About 30% of all cancer patients will develop bone metastases and the spine is affected in approximately 70% of these patients. For spinal cancer treatment, radiation therapy plays an important role in pain management, the local treatment of spinal tumors and the prevention of pathologic fractures. Before administering radiation therapy, the radiologist relies on accurate CT or MRI images to plan the radiation dose. However, when state-of-the-art spinal implants made from metal are present, these implants cause artifacts on the planning images (Fig 1, left). Such metal artifacts make it more difficult to delineate anatomic structures during radiation therapy planning and correctly calculate the proper dose distributions. During radiation therapy, metal spinal implants may also shield remaining tumor cells from the curing radiation. In addition, metal implants induce scattering of the radiation beams into the surrounding soft tissue potentially causing side effects. Especially for proton-therapy, a lifesaving therapy for primary tumors, there is a high likelihood of patients being refused from therapy due to the presence of spinal implants made from metal.Here, radiolucent, non-metallic Carbon/PEEK composite implants offer a true solution (Fig 1, right).
icotec, a Swiss company, has become a leader in the design and manufacturing of high strength composite implant solutions made from Carbon/PEEK. The Carbon/PEEK material is composed of endless carbon fibers (about 55% vol) in a PEEK matrix (balance).
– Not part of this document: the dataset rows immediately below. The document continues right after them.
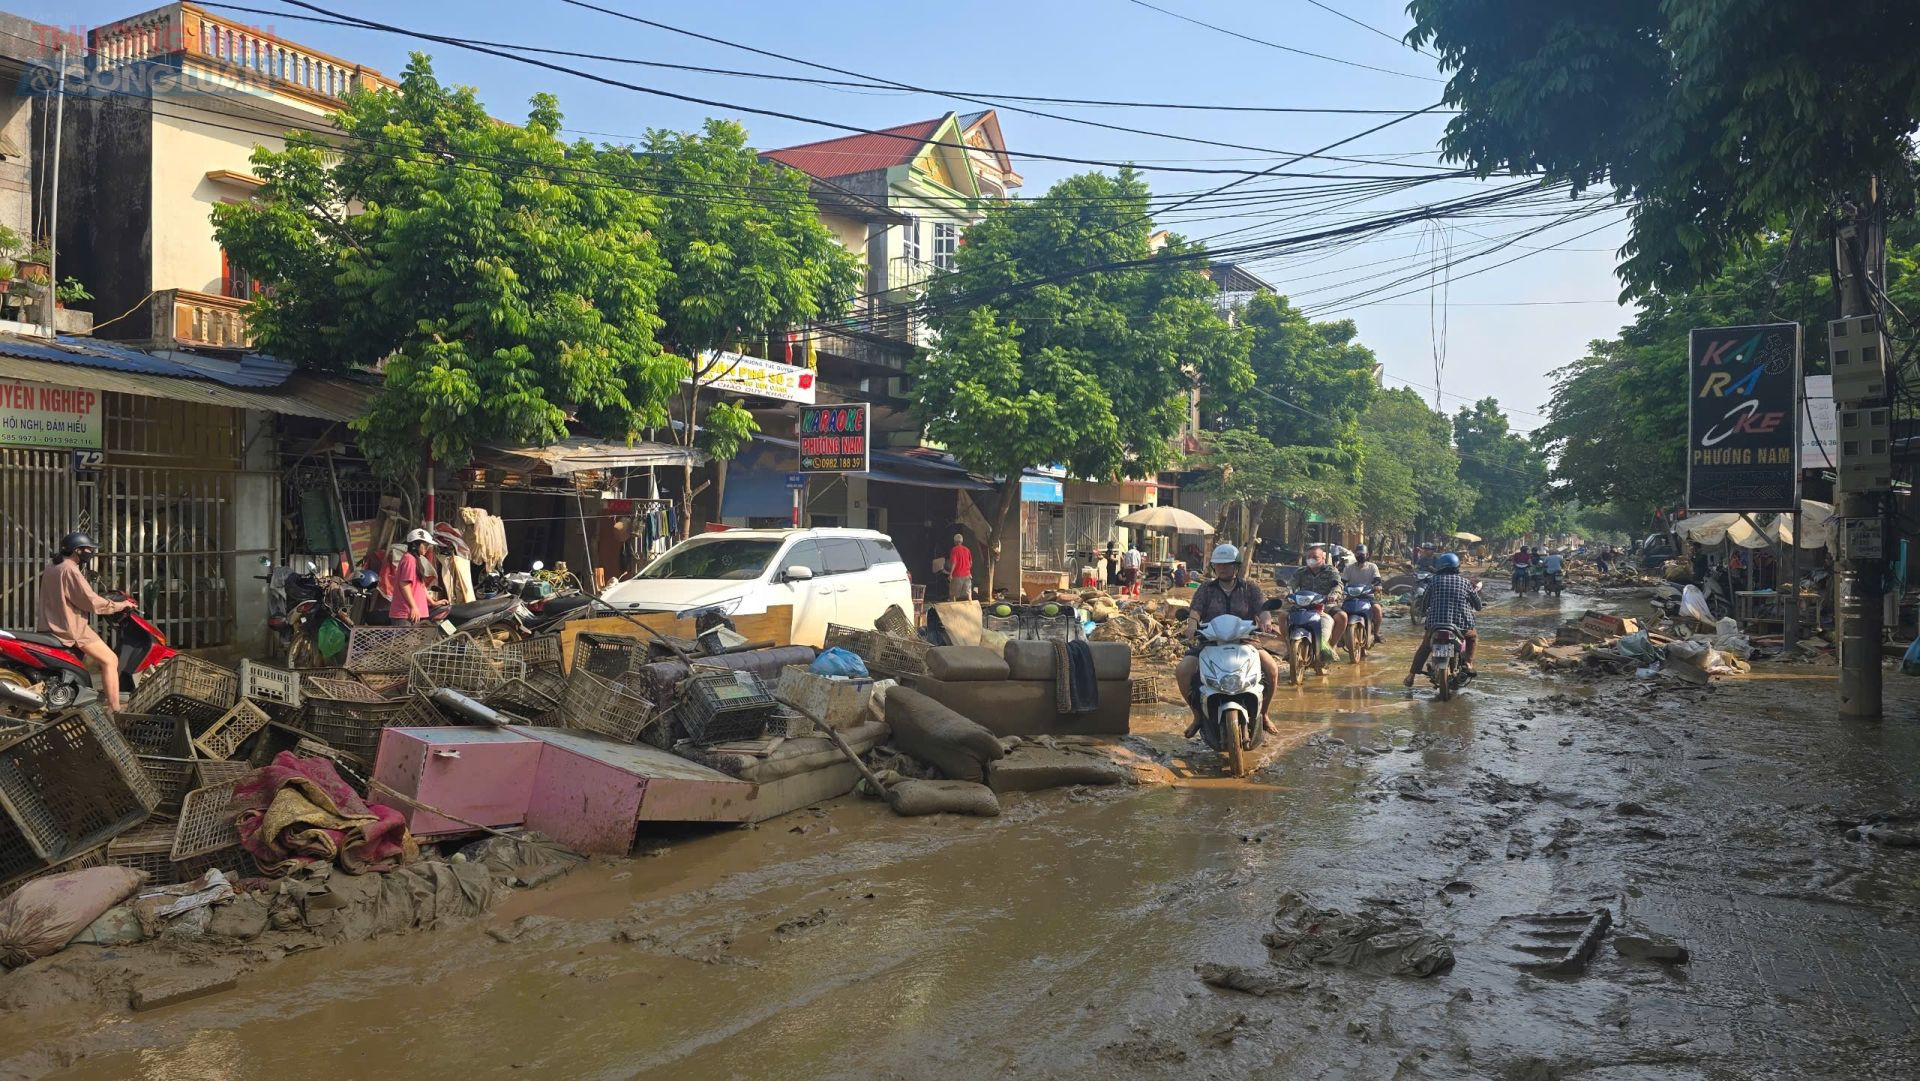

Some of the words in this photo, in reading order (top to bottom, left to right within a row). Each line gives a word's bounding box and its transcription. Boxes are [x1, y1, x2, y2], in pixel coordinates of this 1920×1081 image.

[40, 386, 95, 420] NGHIỆP
[803, 407, 865, 432] KARAOKE
[841, 436, 864, 454] NAM
[76, 451, 104, 469] 72
[821, 457, 838, 468] 0982
[840, 457, 851, 468] 188
[1758, 448, 1790, 464] NAM
During icotec’s proprietary composite flow molding (CFM) process, Carbon/PEEK pre-forms are shaped into the final component design without cutting the fibers. Even the manufacturing of threads is possible without further machining. This allows a combination of high strength properties with complex/small design features. As a result of the latest product development, the company introduced a Carbon/PEEK pedicle screw system, first of its kind in the world (Fig 2).
Meanwhile, the pedicle screw system is preferentially used by tumor surgeons across Europe to stabilize the spine of their patients without compromising subsequent tumor therapy.